■ Task input:

== Segment start ==

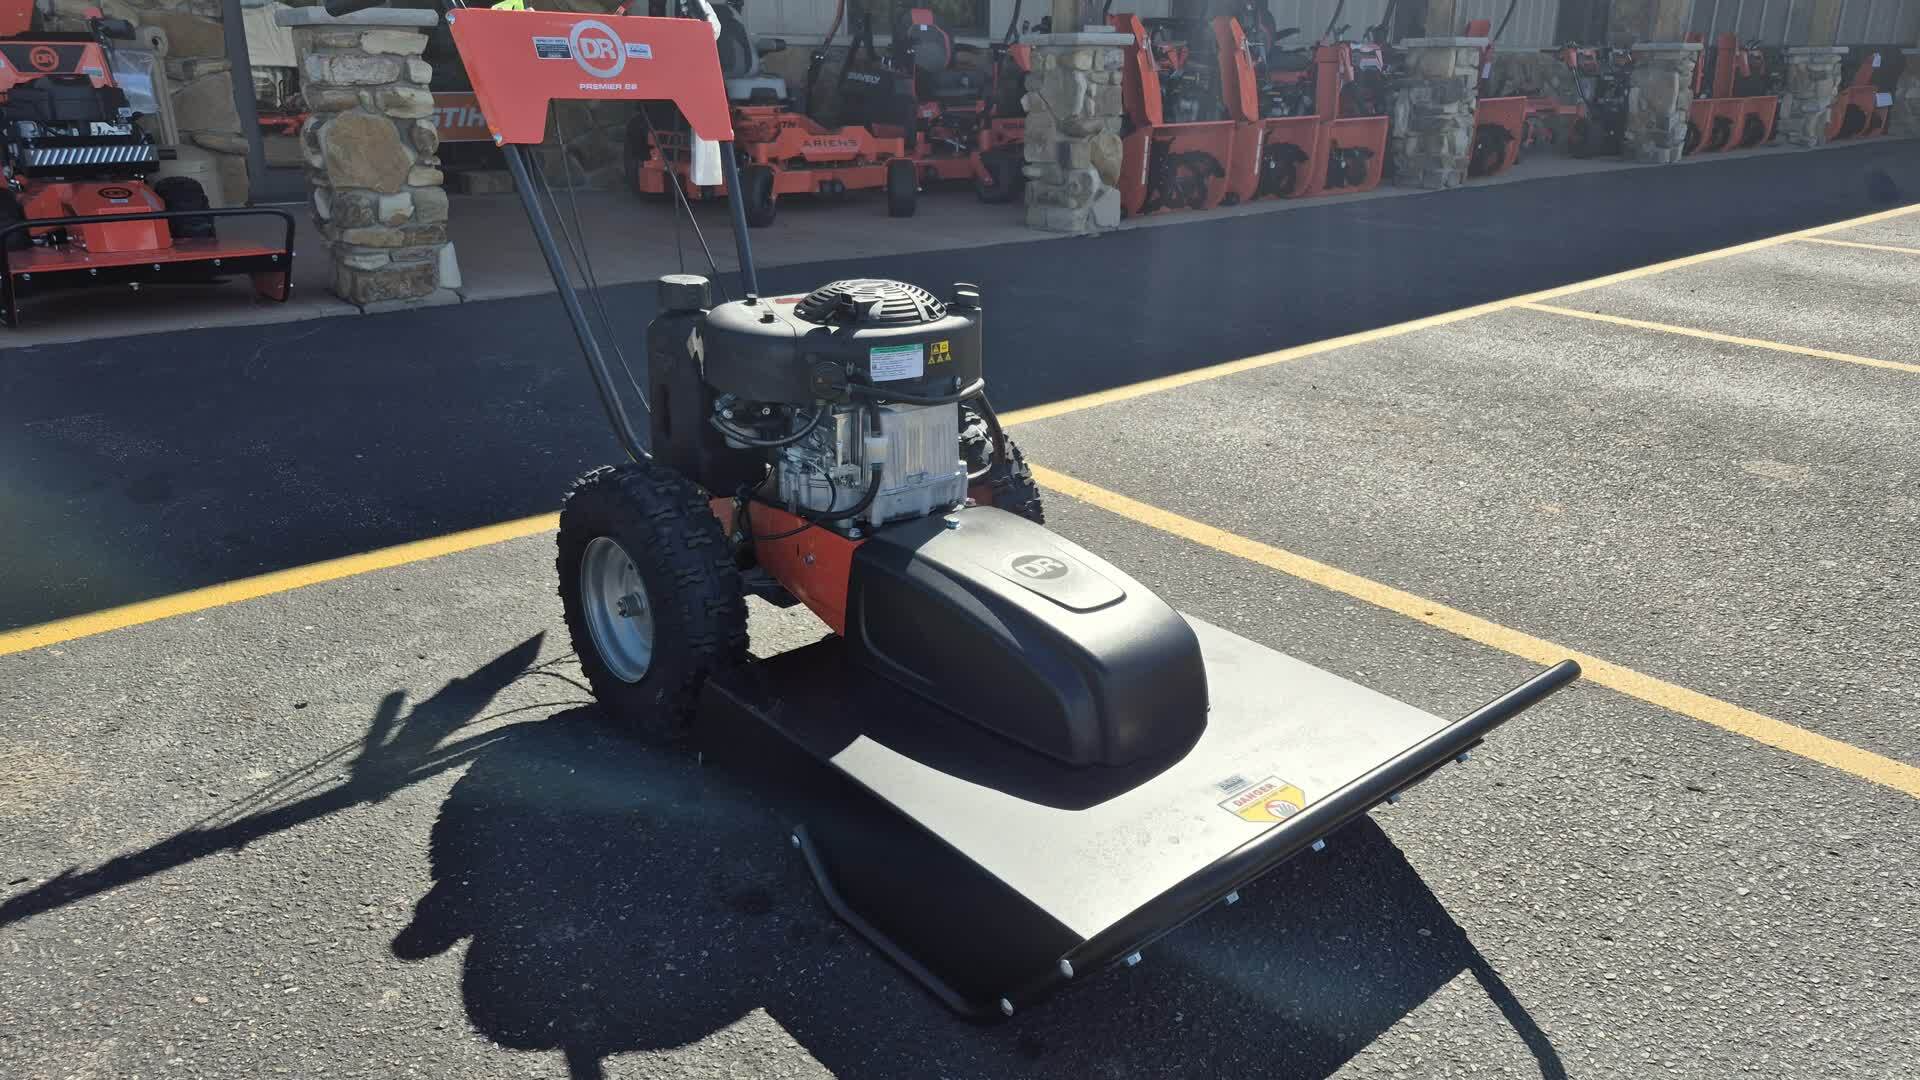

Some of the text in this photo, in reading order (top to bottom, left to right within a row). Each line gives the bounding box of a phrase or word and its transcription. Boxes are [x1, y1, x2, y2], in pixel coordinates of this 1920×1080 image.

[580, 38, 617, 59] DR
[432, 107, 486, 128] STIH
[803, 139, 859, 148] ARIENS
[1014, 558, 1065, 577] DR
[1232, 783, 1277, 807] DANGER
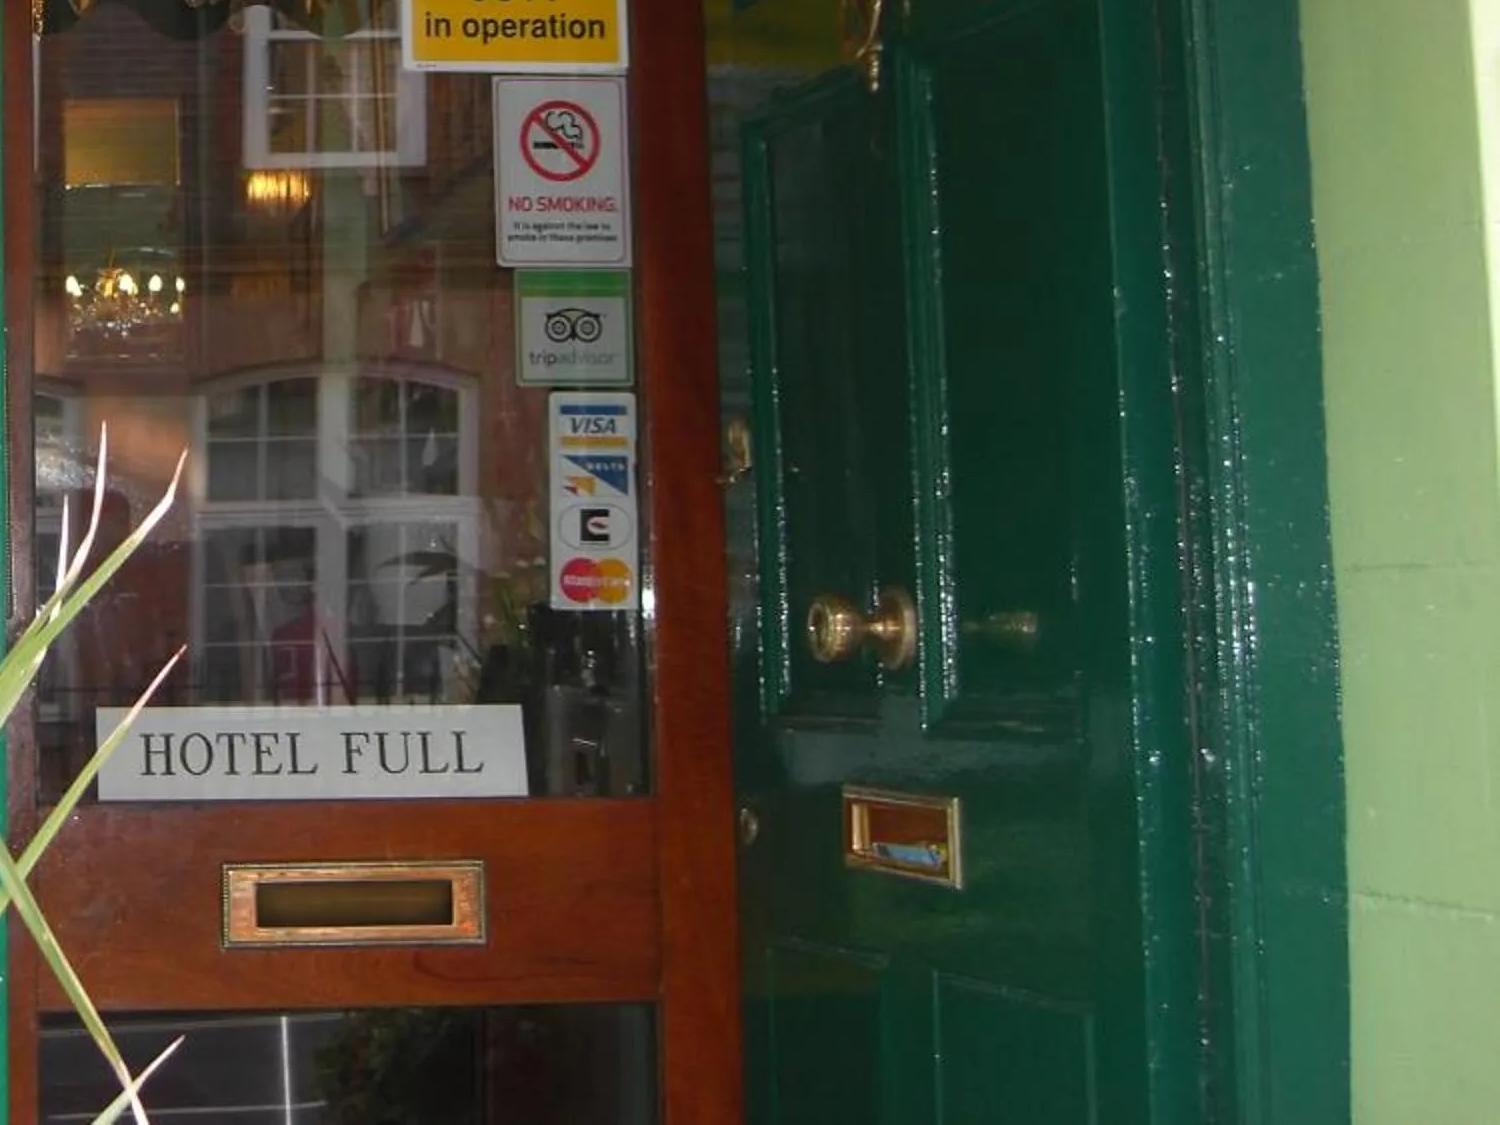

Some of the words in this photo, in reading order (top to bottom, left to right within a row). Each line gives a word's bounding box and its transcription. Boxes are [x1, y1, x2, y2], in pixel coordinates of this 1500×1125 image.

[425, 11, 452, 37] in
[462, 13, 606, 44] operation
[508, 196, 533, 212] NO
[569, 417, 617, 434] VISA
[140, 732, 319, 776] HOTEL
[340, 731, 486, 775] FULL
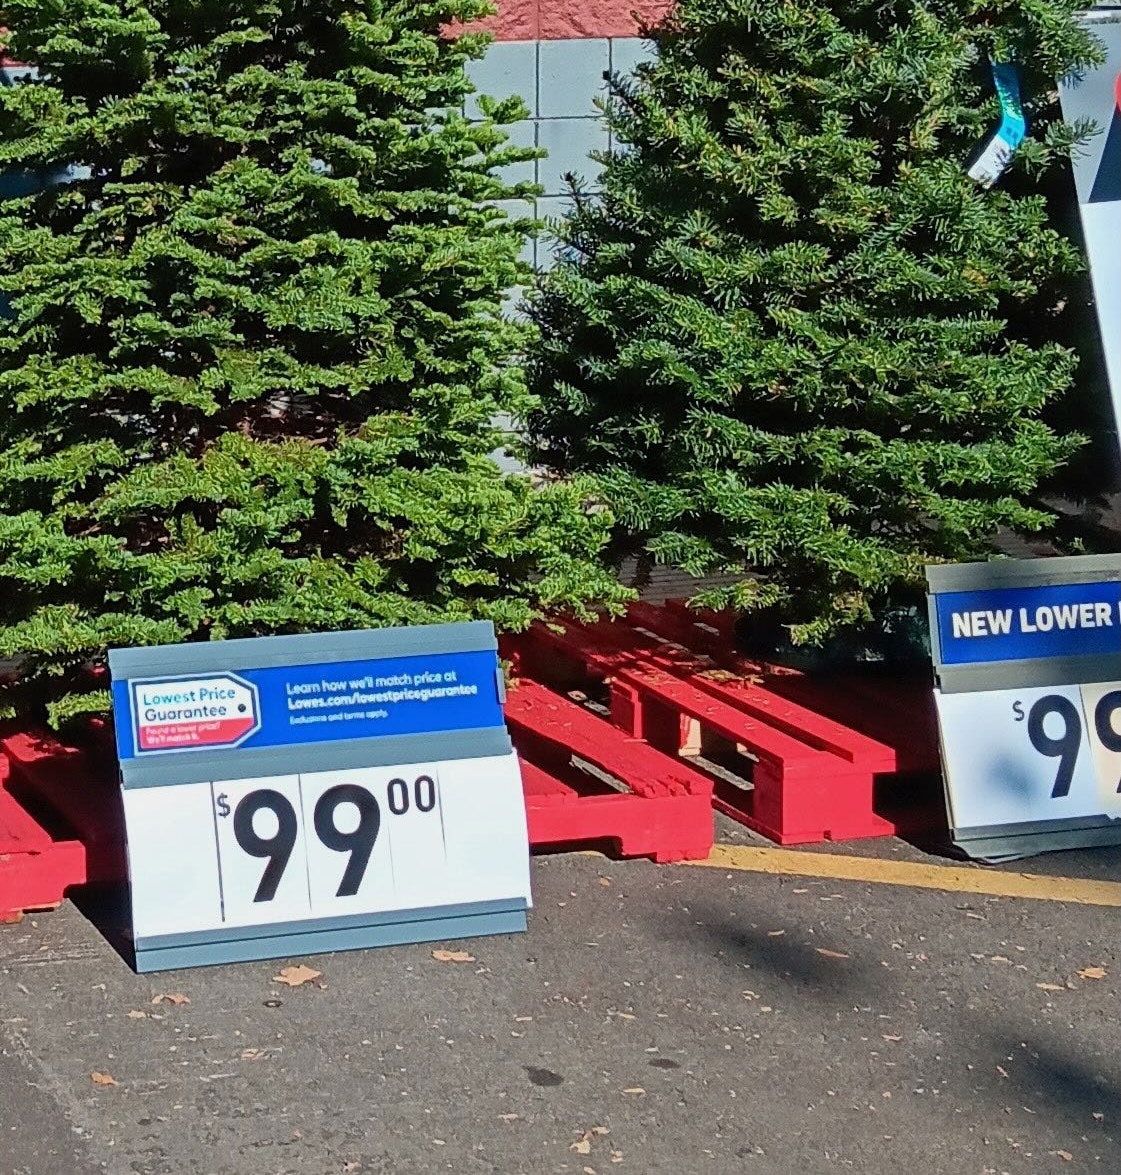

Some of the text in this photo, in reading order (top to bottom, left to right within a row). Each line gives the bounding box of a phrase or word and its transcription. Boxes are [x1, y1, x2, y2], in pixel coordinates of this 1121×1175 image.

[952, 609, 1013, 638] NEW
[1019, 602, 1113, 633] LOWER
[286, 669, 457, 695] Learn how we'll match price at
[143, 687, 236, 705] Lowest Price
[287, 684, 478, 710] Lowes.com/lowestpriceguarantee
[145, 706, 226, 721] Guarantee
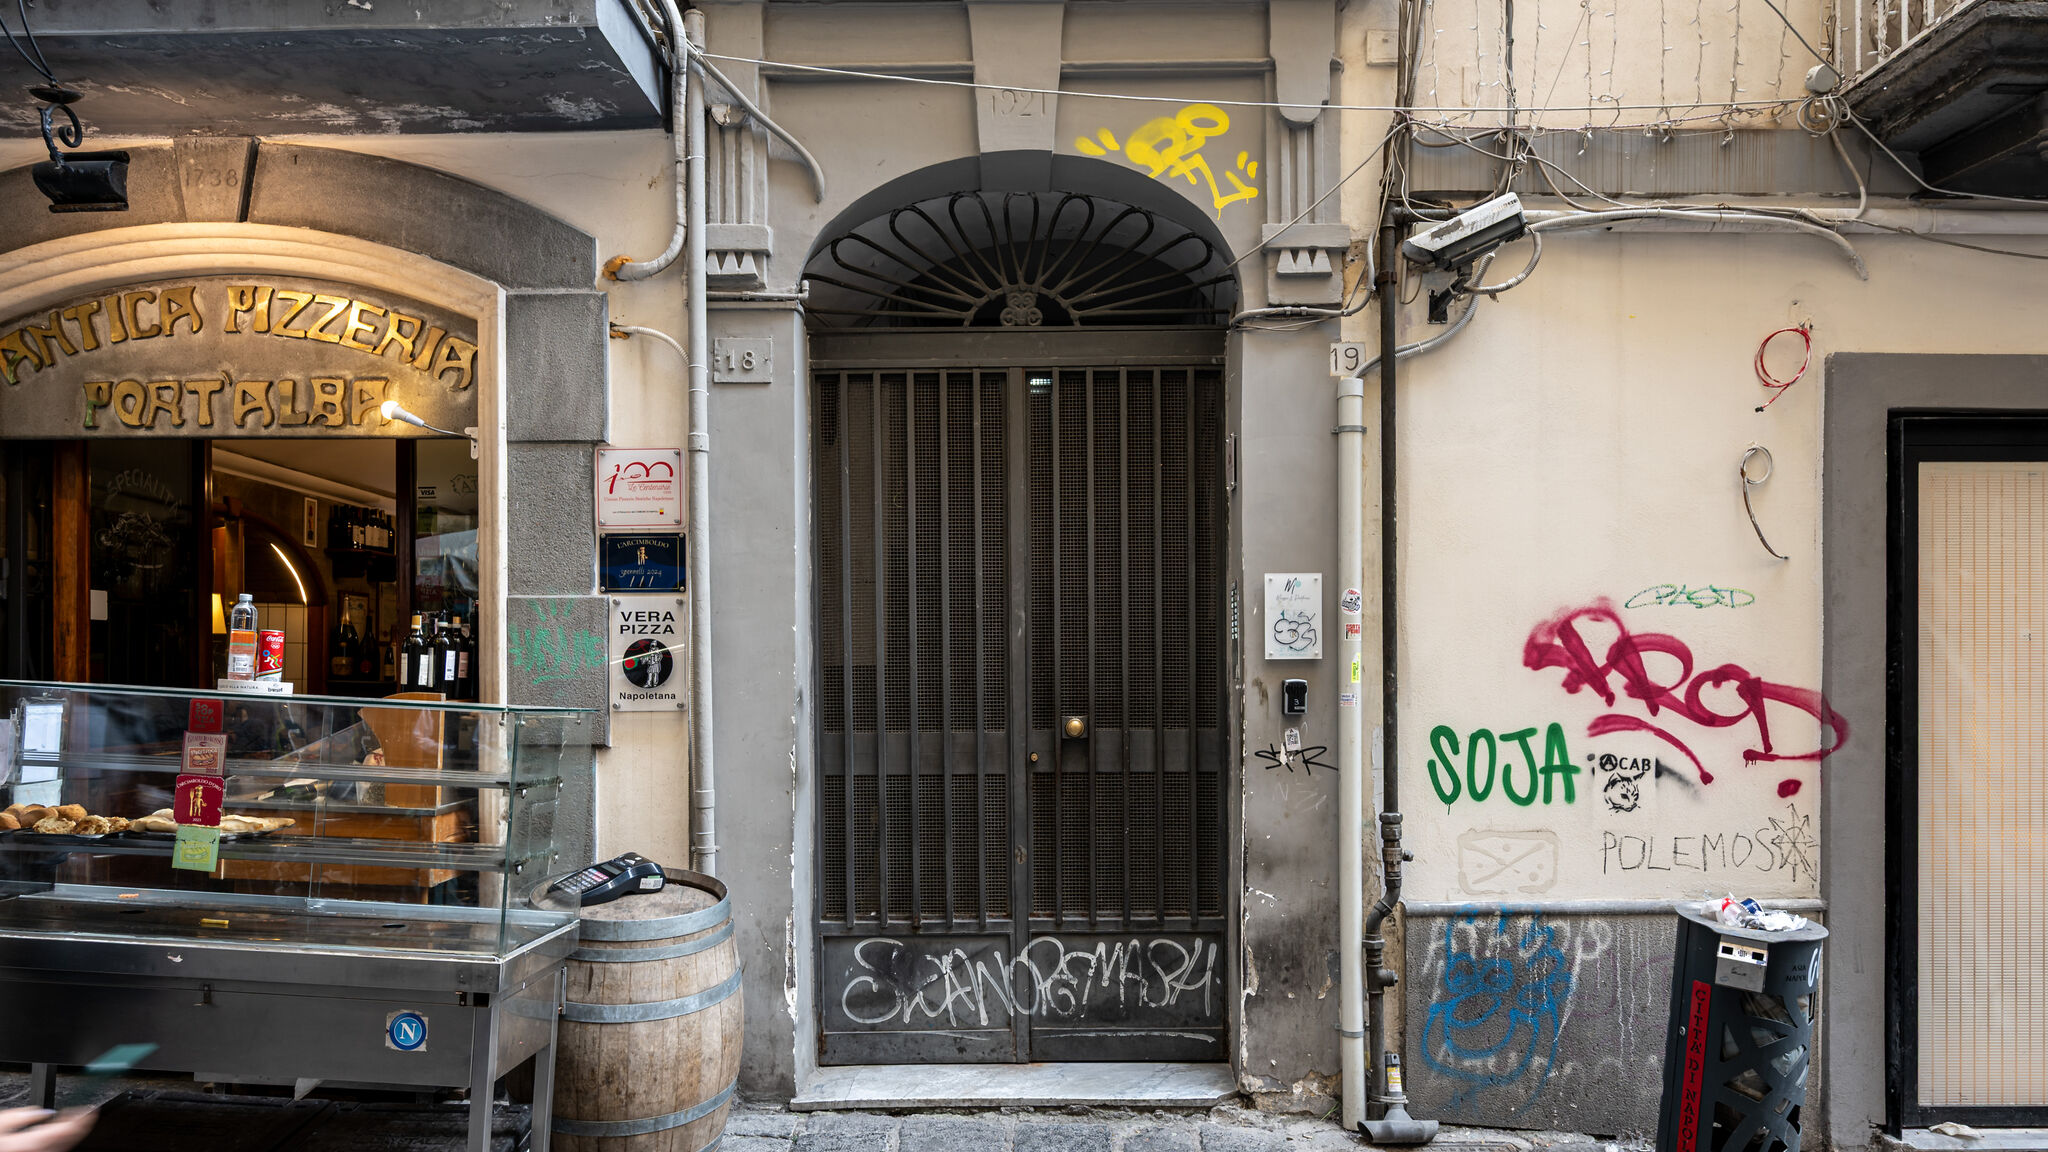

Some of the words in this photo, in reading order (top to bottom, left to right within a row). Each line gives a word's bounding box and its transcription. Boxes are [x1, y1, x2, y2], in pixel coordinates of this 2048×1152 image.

== Segment end ==

■ Activity: Could you print the material above word for word and skip the images?

■ Solved exercise:
Some of the text in this photo, in reading order (top to bottom, left to right within a row). Each line gives the bounding box of a phrase or word and its transcription. Boxes are [x1, y1, x2, y2], in pixel coordinates of this 1920×1080 image.

[580, 38, 617, 59] DR
[432, 107, 486, 128] STIH
[803, 139, 859, 148] ARIENS
[1014, 558, 1065, 577] DR
[1232, 783, 1277, 807] DANGER

Some of the words in this photo, in reading order (top to bottom, left to right within a row). Each line gives a word's bounding box and its transcription. Boxes are [x1, y1, x2, y2], in pixel coordinates of this 1500×1125 image.

[425, 11, 452, 37] in
[462, 13, 606, 44] operation
[508, 196, 533, 212] NO
[569, 417, 617, 434] VISA
[140, 732, 319, 776] HOTEL
[340, 731, 486, 775] FULL

Some of the text in this photo, in reading order (top to bottom, left to right within a row). Each line gives the bounding box of a phrase or word and its transcription. Boxes are [x1, y1, x2, y2], in pixel coordinates of this 1121×1175 image.

[952, 609, 1013, 638] NEW
[1019, 602, 1113, 633] LOWER
[286, 669, 457, 695] Learn how we'll match price at
[143, 687, 236, 705] Lowest Price
[287, 684, 478, 710] Lowes.com/lowestpriceguarantee
[145, 706, 226, 721] Guarantee

Some of the words in this photo, in reading order (top to bottom, left to right within a row). Each line gives a word's bounding box and its transcription. Boxes are [x1, y1, x2, y2], in pixel coordinates of this 2048×1152 image.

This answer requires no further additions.